Calculating Future Value

D

develop

Hi,

What is the syntax for the "Future Value" function? (Using the search or
index features of Help locks up my pc.)

Thanks,
Dan
 
T

Tom Ogilvy

FV
See Also

Returns the future value of an investment based on periodic, constant
payments and a constant interest rate.

Syntax

FV(rate,nper,pmt,pv,type)

For a more complete description of the arguments in FV and for more
information on annuity functions, see PV.

Rate is the interest rate per period.

Nper is the total number of payment periods in an annuity.

Pmt is the payment made each period; it cannot change over the life of the
annuity. Typically, pmt contains principal and interest but no other fees or
taxes. If pmt is omitted, you must include the pv argument.

Pv is the present value, or the lump-sum amount that a series of future
payments is worth right now. If pv is omitted, it is assumed to be 0 (zero),
and you must include the pmt argument.

Type is the number 0 or 1 and indicates when payments are due. If type is
omitted, it is assumed to be 0.

Set type equal to If payments are due
0 At the end of the period
1 At the beginning of the period


Remarks

a.. Make sure that you are consistent about the units you use for
specifying rate and nper. If you make monthly payments on a four-year loan
at 12 percent annual interest, use 12%/12 for rate and 4*12 for nper. If you
make annual payments on the same loan, use 12% for rate and 4 for nper.


b.. For all the arguments, cash you pay out, such as deposits to savings,
is represented by negative numbers; cash you receive, such as dividend
checks, is represented by positive numbers.

Examples

FV(0.5%, 10, -200, -500, 1) equals $2581.40

FV(1%, 12, -1000) equals $12,682.50

FV(11%/12, 35, -2000, , 1) equals $82,846.25

Suppose you want to save money for a special project occurring a year from
now. You deposit $1,000 into a savings account that earns 6 percent annual
interest compounded monthly (monthly interest of 6%/12, or 0.5%). You plan
to deposit $100 at the beginning of every month for the next 12 months. How
much money will be in the account at the end of 12 months?

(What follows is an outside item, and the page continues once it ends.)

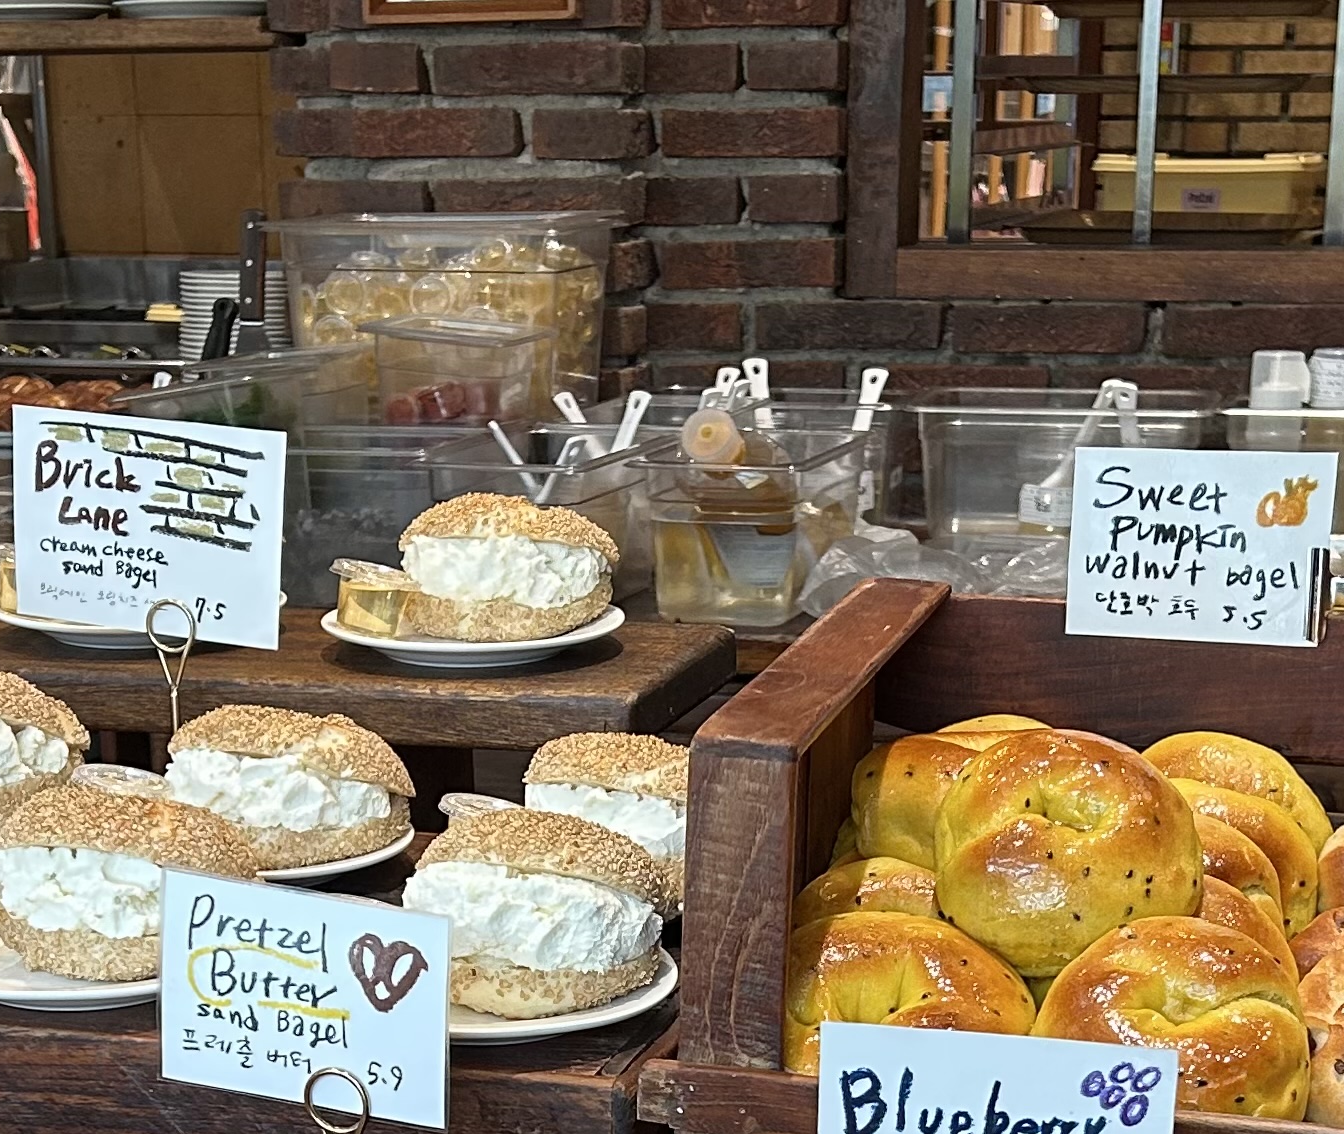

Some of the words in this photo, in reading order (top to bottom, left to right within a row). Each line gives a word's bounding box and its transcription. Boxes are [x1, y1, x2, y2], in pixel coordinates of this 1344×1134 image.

FV(0.5%, 12, -100, -1000, 1) equals $2301.40
 
G

Guest

=FV(rate,nper,pmt,pv,type)

rate = interest rate per period
nper = total number of payment periods in investment
pmt = payment made each period
pv = present value, if omitted, pv = 0
type = value representing the timing of payment: payment
at the beginning = 1; payment at the end of period = 0 or
omitted.


As long as Excel is running, click on th "fx" button just
to the left of the formula entry box, select Financial
formulas, then pick FV. A wizard should pop up that walks
you through it.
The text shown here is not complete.